Saved entries

--- START ---

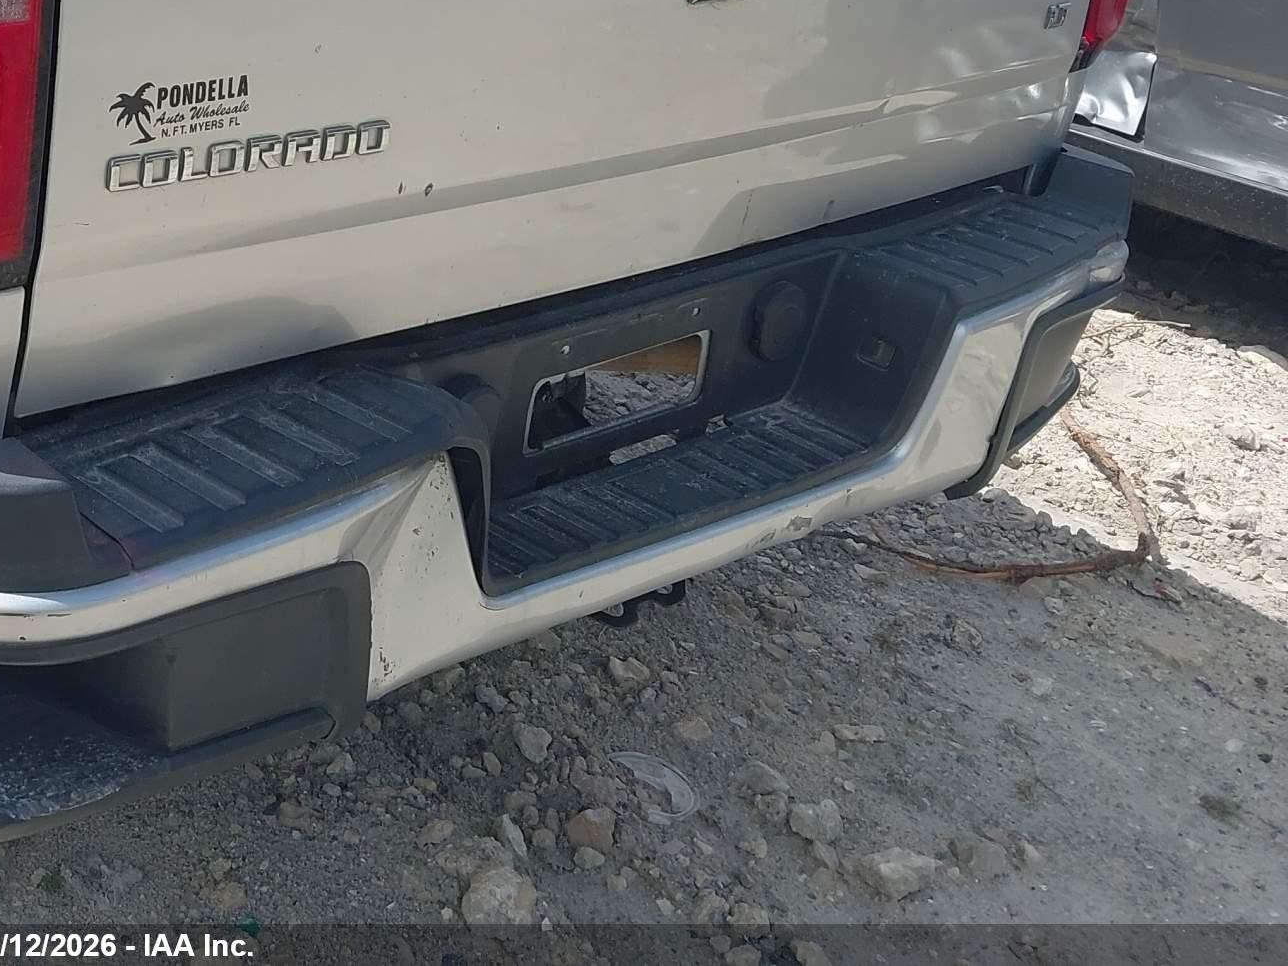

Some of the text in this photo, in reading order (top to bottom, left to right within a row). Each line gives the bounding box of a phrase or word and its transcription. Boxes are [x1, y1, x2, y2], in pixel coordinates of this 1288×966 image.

[157, 75, 249, 109] PONDELLA
[153, 102, 250, 127] Auto Wholesale
[189, 119, 224, 134] MYERS
[229, 117, 241, 127] FL
[104, 119, 391, 192] COLORADO
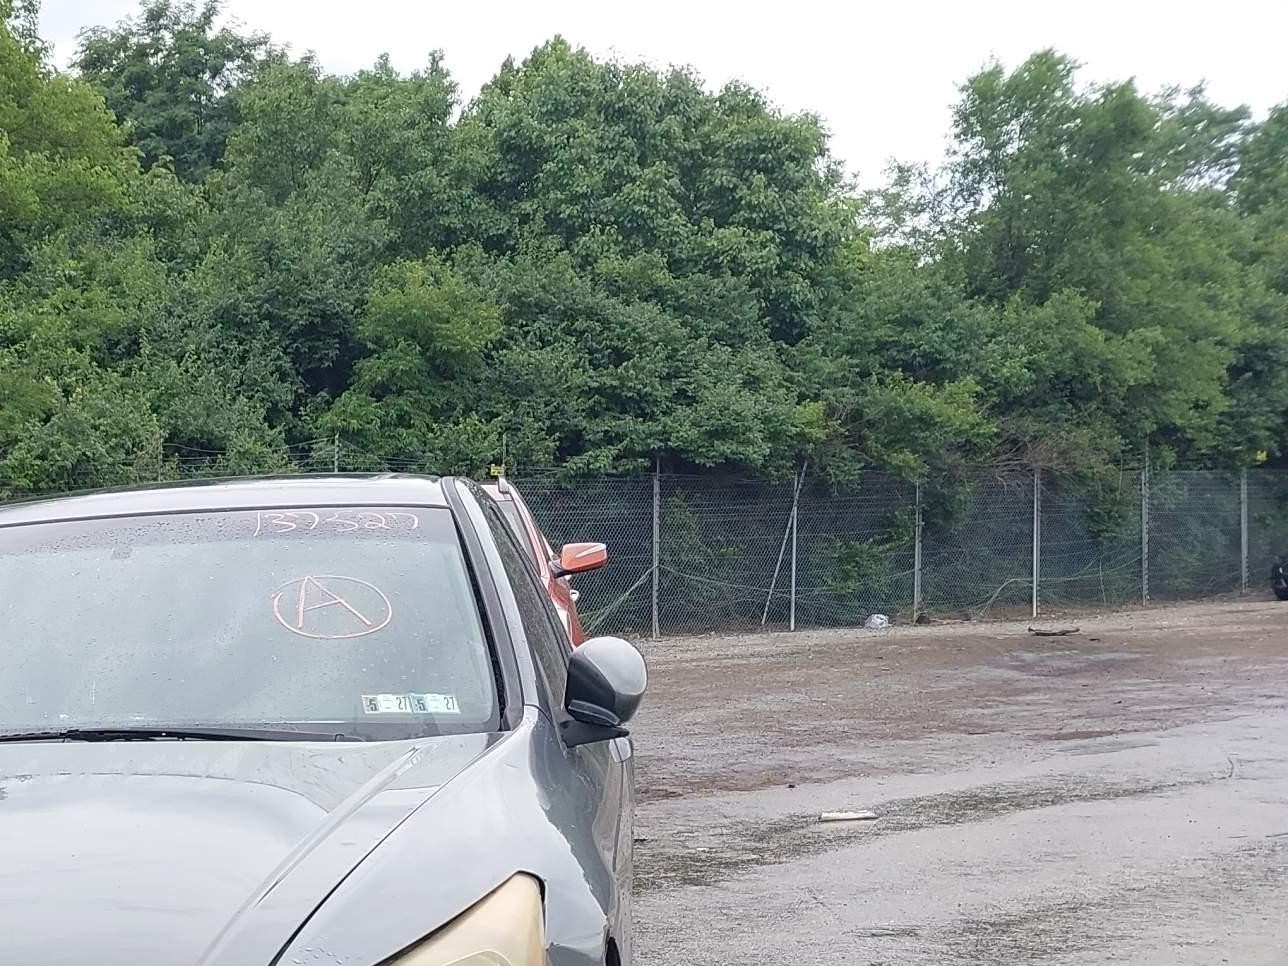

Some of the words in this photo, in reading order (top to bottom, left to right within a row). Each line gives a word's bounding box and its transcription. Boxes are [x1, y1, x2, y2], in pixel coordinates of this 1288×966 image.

[297, 575, 372, 629] A
[396, 696, 408, 711] 27
[443, 696, 455, 711] 27

--- END ---

Each line of the records is to be reproduced exactly, and each picture dropped.

Answer area:
Some of the text in this photo, in reading order (top to bottom, left to right within a row). Each line gives the bounding box of a phrase or word and its transcription. Boxes are [x1, y1, x2, y2], in pixel coordinates of this 1288×966 image.

[157, 75, 249, 109] PONDELLA
[153, 102, 250, 127] Auto Wholesale
[189, 119, 224, 134] MYERS
[229, 117, 241, 127] FL
[104, 119, 391, 192] COLORADO

Some of the words in this photo, in reading order (top to bottom, left to right within a row). Each line gives a word's bounding box and its transcription. Boxes are [x1, y1, x2, y2], in pixel coordinates of this 1288×966 image.

[297, 575, 372, 629] A
[396, 696, 408, 711] 27
[443, 696, 455, 711] 27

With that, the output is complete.